» Your objective
Down to the last line, print the data that follows exactly, without its pictures.

» Supplied records

○ ○ ○ ○ ○ ○ ○

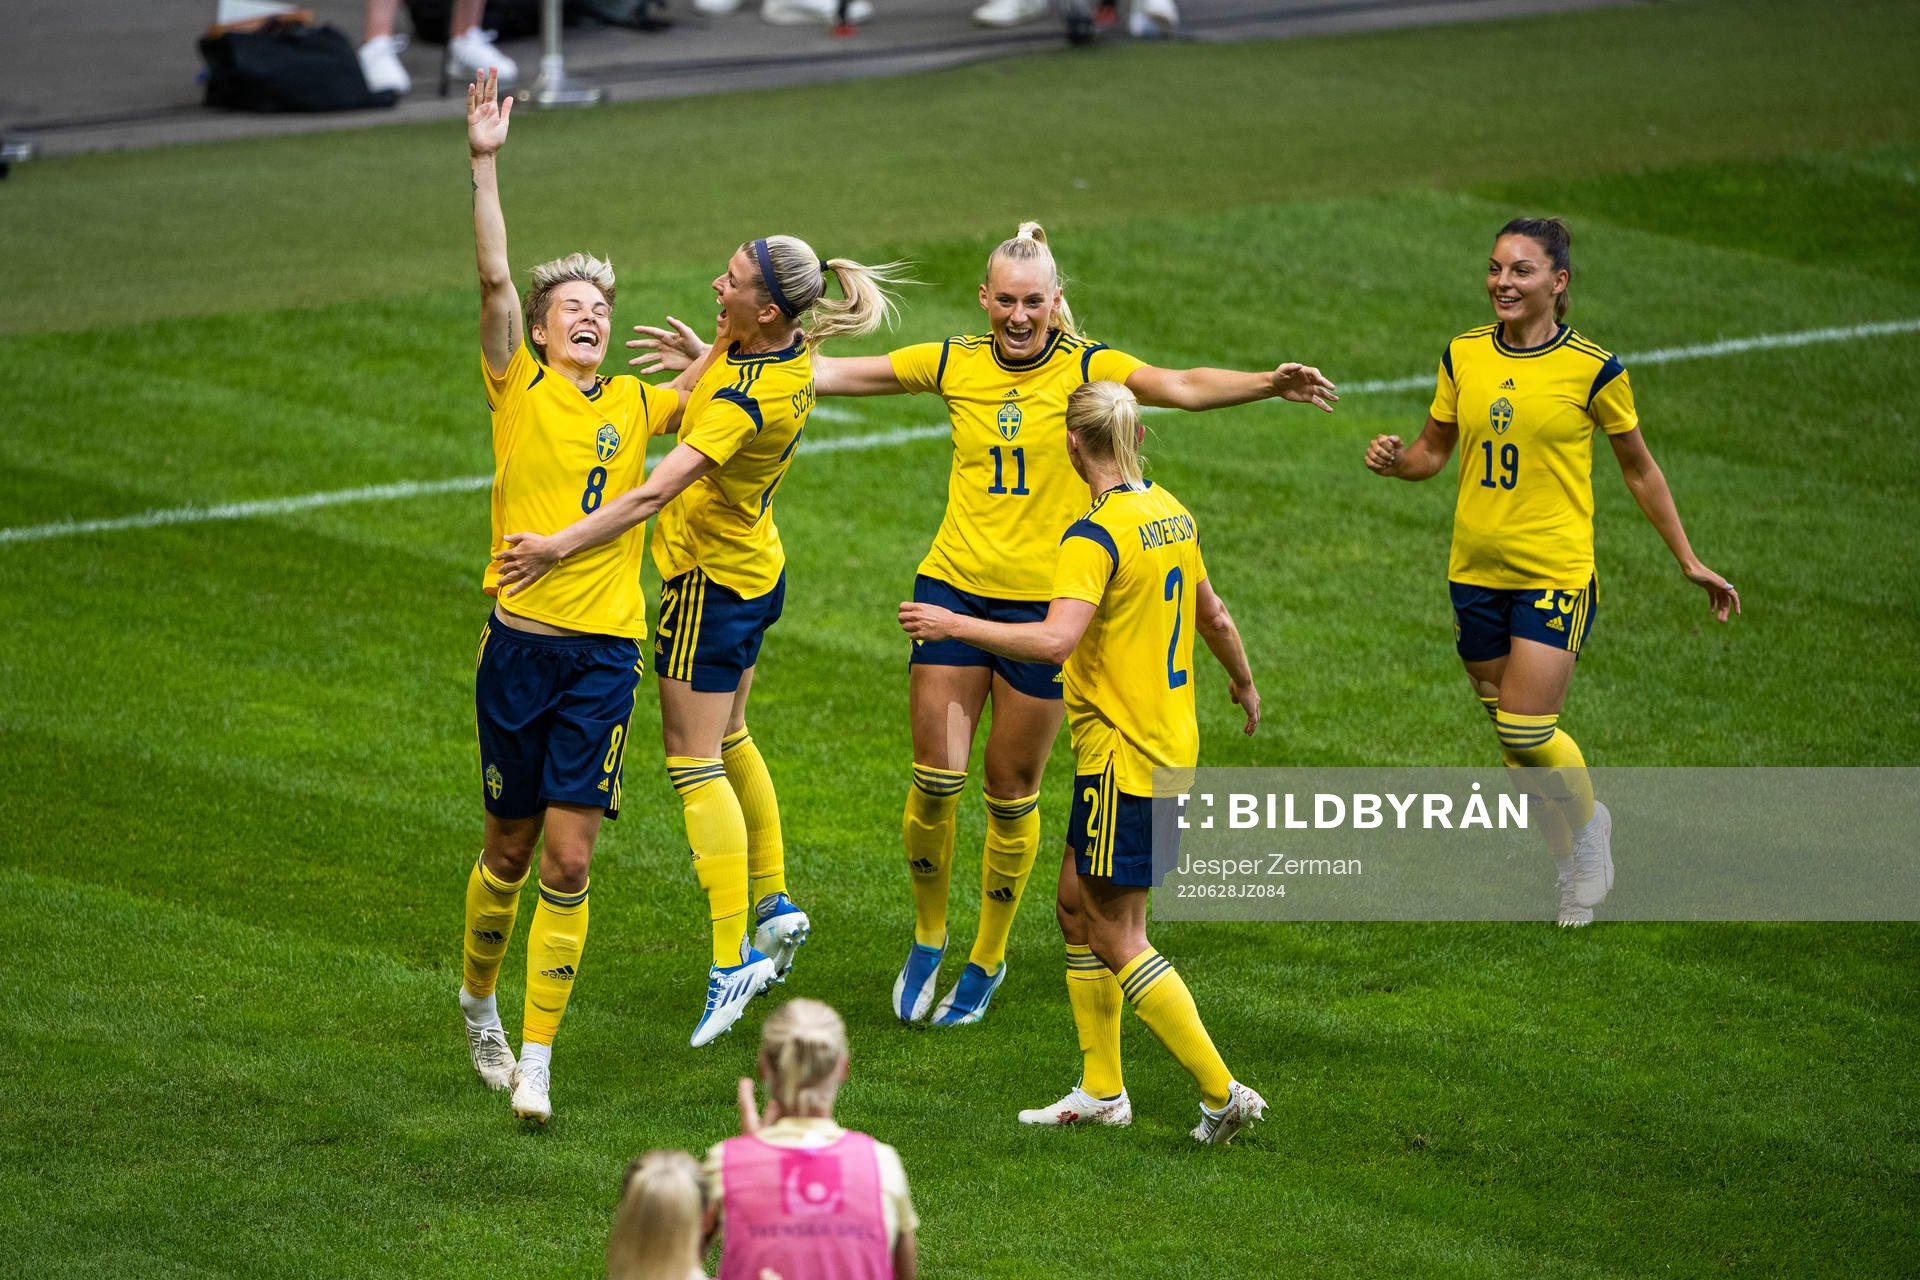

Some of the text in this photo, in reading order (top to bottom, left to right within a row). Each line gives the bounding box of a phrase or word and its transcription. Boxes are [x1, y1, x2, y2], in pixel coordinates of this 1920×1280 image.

[988, 446, 1030, 496] 11
[1481, 440, 1519, 490] 19
[581, 466, 607, 515] 8
[1164, 565, 1187, 690] 2
[603, 724, 623, 774] 8
[1083, 787, 1099, 838] 2

○ ○ ○ ○ ○ ○ ○

» Output of the exercise
Some of the text in this photo, in reading order (top to bottom, left to right within a row). Each line gives the bounding box of a phrase or word and its transcription. Boxes are [x1, y1, x2, y2], in pixel coordinates of this 1920×1280 image.

[988, 446, 1030, 496] 11
[1481, 440, 1519, 490] 19
[581, 466, 607, 515] 8
[1164, 565, 1187, 690] 2
[603, 724, 623, 774] 8
[1083, 787, 1099, 838] 2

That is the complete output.